Work to be completed: An exact transcription of every entry is required, with the images left out.

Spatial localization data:
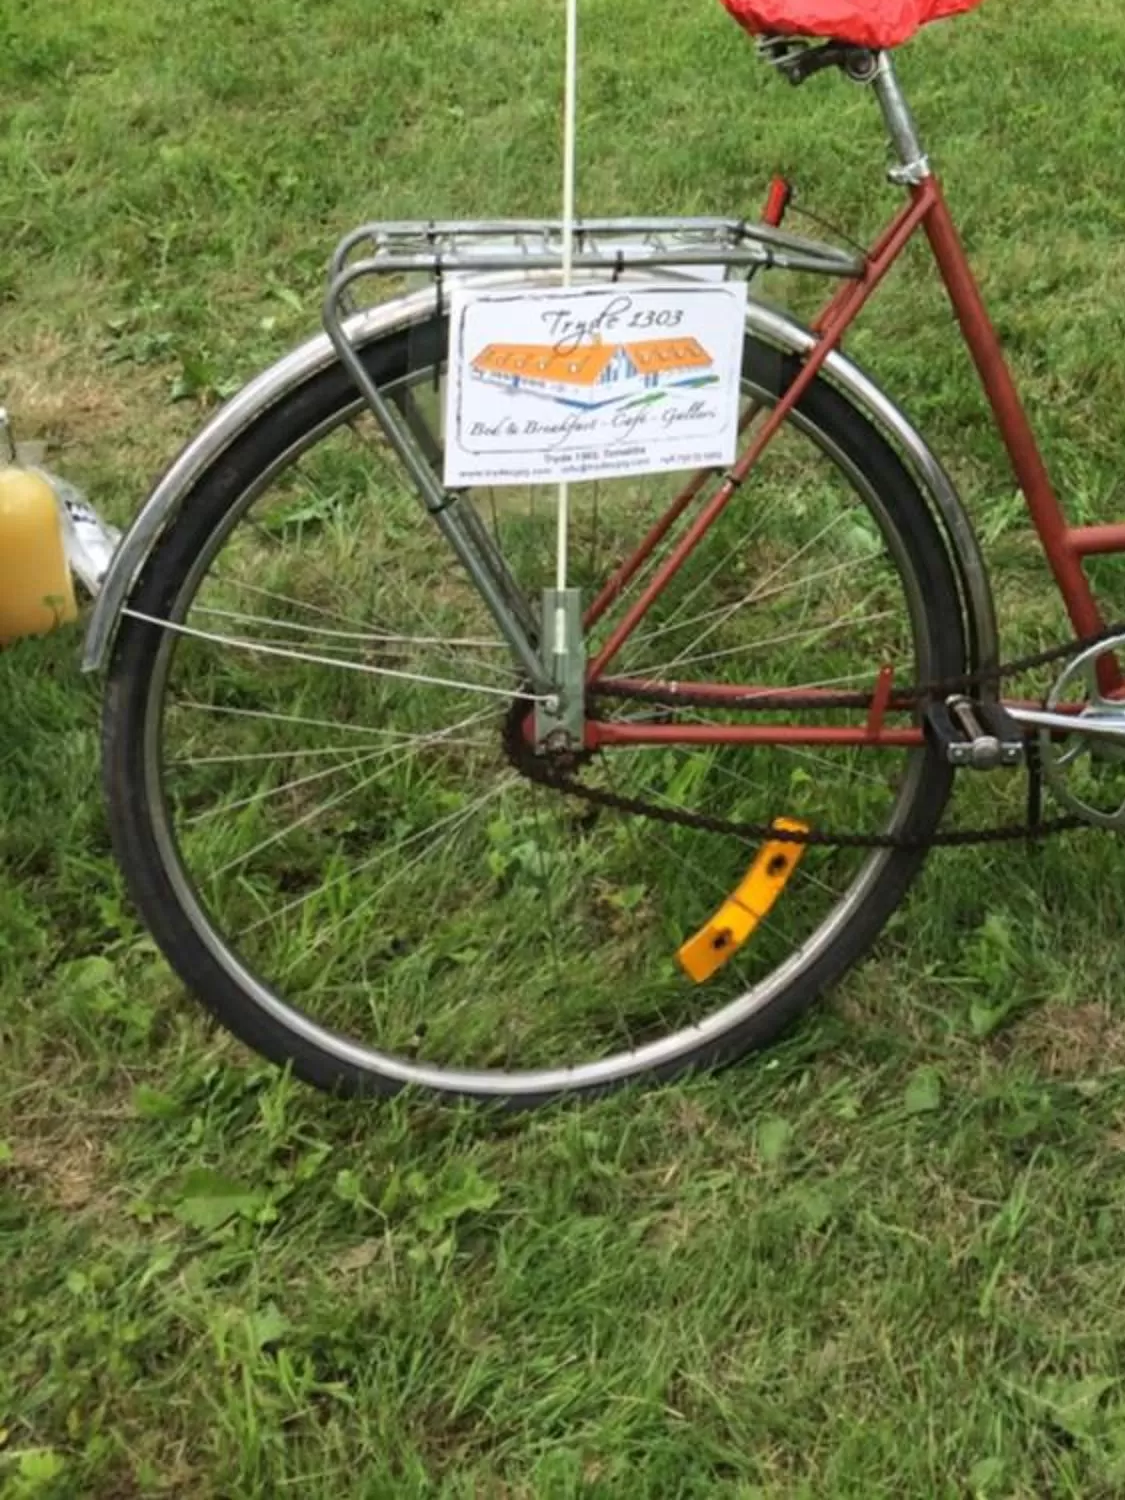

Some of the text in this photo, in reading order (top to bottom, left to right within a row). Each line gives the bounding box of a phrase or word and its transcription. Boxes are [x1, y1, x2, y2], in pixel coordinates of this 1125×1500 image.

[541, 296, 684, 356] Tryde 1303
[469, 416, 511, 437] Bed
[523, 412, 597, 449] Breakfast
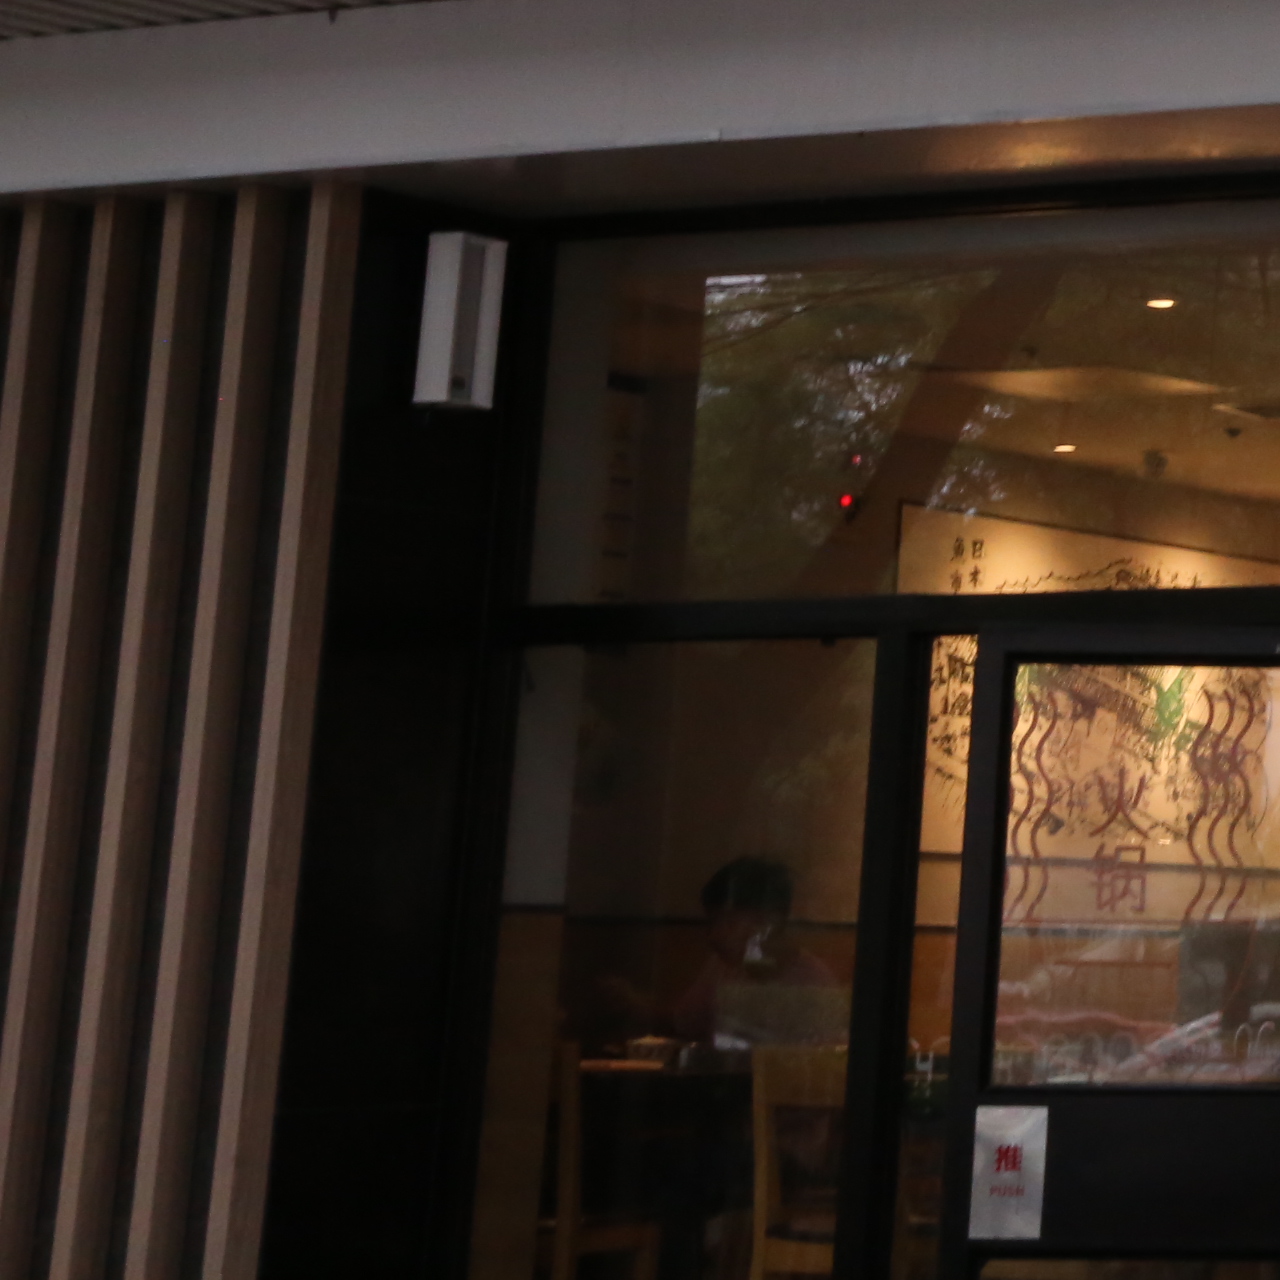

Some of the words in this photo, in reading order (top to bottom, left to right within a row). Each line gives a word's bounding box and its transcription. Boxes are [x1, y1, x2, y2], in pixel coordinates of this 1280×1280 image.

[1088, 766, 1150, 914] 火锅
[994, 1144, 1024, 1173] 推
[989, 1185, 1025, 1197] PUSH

Output for this task:
Some of the text in this photo, in reading order (top to bottom, left to right within a row). Each line gives the bounding box of a phrase or word and its transcription. Boxes are [x1, y1, x2, y2], in pixel coordinates of this 1125×1500 image.

[541, 296, 684, 356] Tryde 1303
[469, 416, 511, 437] Bed
[523, 412, 597, 449] Breakfast

Some of the words in this photo, in reading order (top to bottom, left to right within a row). Each line gives a word's bounding box and its transcription. Boxes are [x1, y1, x2, y2], in pixel coordinates of this 1280×1280 image.

[1088, 766, 1150, 914] 火锅
[994, 1144, 1024, 1173] 推
[989, 1185, 1025, 1197] PUSH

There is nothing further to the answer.